Removing a VPN isn’t a decision made easily. After all, using a VPN brings many benefits to the online aspect of your life, and the merits carry over to multiple devices you or people close to you use daily. Unfortunately, not all VPNs are created equal, which will shortly become glaringly obvious. There’s also a massive difference between free and paid VPNs and not all paid VPNs uphold the same privacy standards. That’s another thing you’ll realize after doing your research on points we bring up. So, let’s not dwell on it any longer and get into several crucial reasons why you should uninstall a VPN right now.
1. Unknown headquarters
Considering what VPN does for users, it’s not unusual for your VPN provider to have an unknown founder and/or CEO. They might also have a “puppet” persona or a public representative to build trust and help with media presence. However, what a VPN should never hide is its true headquarters. After all, they must register their company somewhere, which means that they fall within the jurisdiction of that country’s law. With that in mind, your VPN service shouldn’t be registered in a country with mandatory data retention laws.

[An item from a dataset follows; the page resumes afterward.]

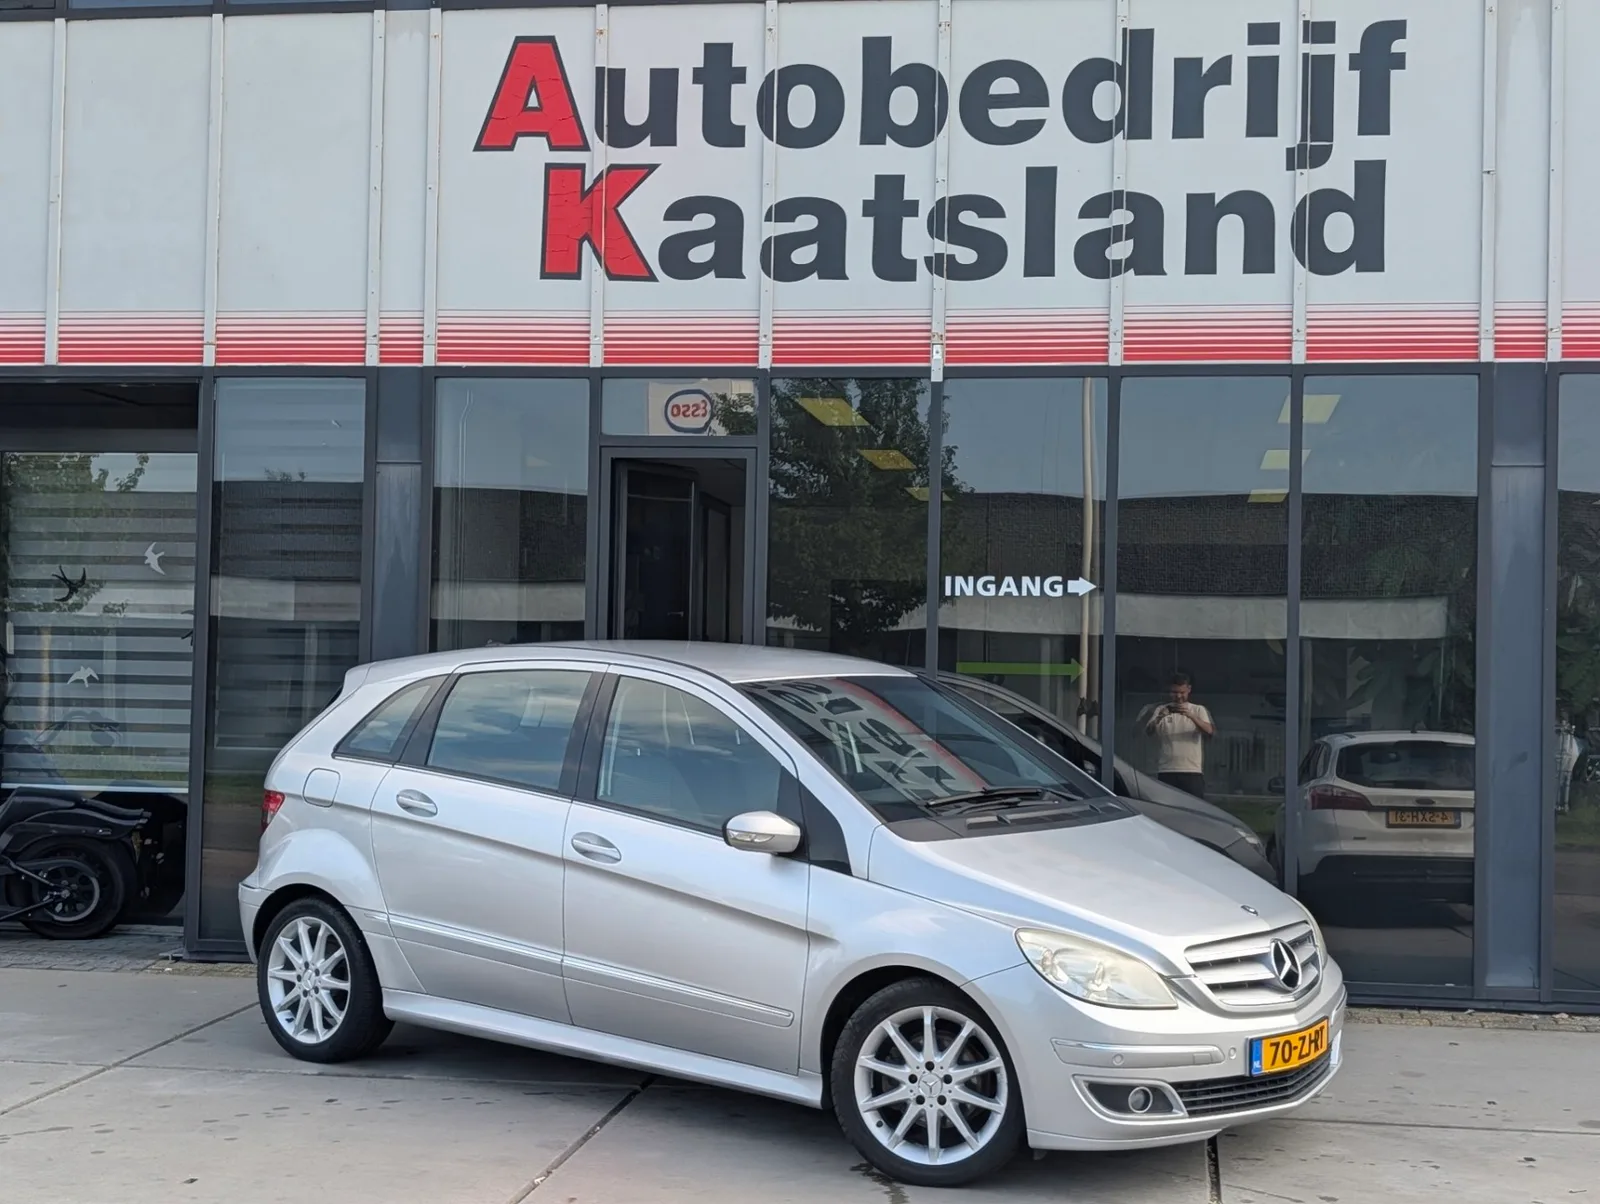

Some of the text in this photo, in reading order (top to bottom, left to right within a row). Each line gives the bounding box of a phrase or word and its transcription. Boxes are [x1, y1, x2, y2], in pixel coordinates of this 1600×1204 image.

[473, 20, 1407, 172] Autobedrijf
[539, 159, 1388, 284] Kaatsland
[945, 575, 1064, 597] INGANG

Countries that are part of the Five, Nine, and Fourteen Eyes alliances are especially worth avoiding in a wide berth. Or, if a VPN provider has chosen to base itself in the aforementioned countries, it must have rock-solid encryption. More importantly, it must only collect aggregated, anonymous data that can’t identify you personally.
2. Shady history
Another red flag that can make you uninstall your VPN immediately is dishonest past. Some VPN services were spotted adding malware or selling questionable products or services before or concurrently with the VPN. Others were caught red-handed at collaborating with the authorities, ISPs, or the government. While this was usually due to a court order and led to arrests of criminals, it still broke the trust of good-natured users. Also, it shouldn’t surprise you if they try to bury the reports by changing the company’s name, executives, or another company takes over. Our stance is to look on the positive side, however. If they claim they’ve changed their ways and provide solid proof, we’d consider it a lesson learned.
3. Dishonest data logging practices
4. Information manipulation
We’ll preface this by saying – if the product or service is free, you are the product. Some VPNs, especially if you got a free VPN or installed a VPN browser extension, misuse the data they collect. Granted, there’s no way to tell without whistleblowers. Therefore, we suggest getting suspicious if the VPN provider doesn’t have a paid service that covers the operating costs of their free counterpart. Unsurprisingly, very few, if any, would provide an international product, especially one that requires equipment, free of charge. Therefore, companies can resort to selling the data to marketing and advertising agencies. Some were even suspected of auctioning off the data on the Dark Web.
5. Data leaks
Regardless of how fast your VPN provider is, if the websites you visit or the services you use can pinpoint your real IP address and location, you’ve achieved nothing. The most common reason for data leaks is the improper configuration of their VPN servers and a mismatch between the IP address and DNS server. Therefore, we suggest using test sites to check a VPN regularly. You can also prevent a disastrous leak by enabling a kill switch feature. If your VPN provider lacks it, that’s one more reason you should uninstall a VPN.
6. VPN use may be illegal
We mentioned the legality of Virtual Private Networks among the facts about VPNs you may not know. Ergo, depending on the location, you can get in trouble with the law, at least in theory. In reality, very few people were charged with the offense and were only warned or asked to uninstall a VPN on the spot. Nonetheless, we suggest you play by the rules.
7. Small VPN server network
This is something we also mentioned under facts, specifically under number 4. While we wanted to prove a different point there, the takeaway still stands. Their network of physical VPN servers may be drastically smaller than the numbers they boast. We also broke down why that’s detrimental to you and how it benefits them. With hundreds of companies looking to profit off of the VPN hype, a little research goes a long way.
8. Sluggish VPN speed
Security goes out of the window when you can barely use the Internet. This is, unsurprisingly, one of the most common sources of VPN uninstalls. We always suggest trying to boost VPN speed but this is commonly only a temporary and incomplete solution. Therefore, we suggest switching sides in favor of one of the VPN services with the best speed.
9. Increased data usage
This is another matter that we analyzed extensively when we posed the question, “do VPN consume more data?” We concluded you can reduce VPN data usage, but only under specific circumstances. And, if your VPN service doesn’t offer features to make that happen, and you’re on a limited data plan, the next course of action is obvious.
10. False sense of security
The use of VPNs makes users feel invincible online even though nothing can fully mitigate bad decisions. Ergo, if your current one doesn’t, consider switching to a VPN service that offers features such as an ad, tracker, crypto miner, or malware blocker. Don’t disregard other crucial features only to get these, obviously.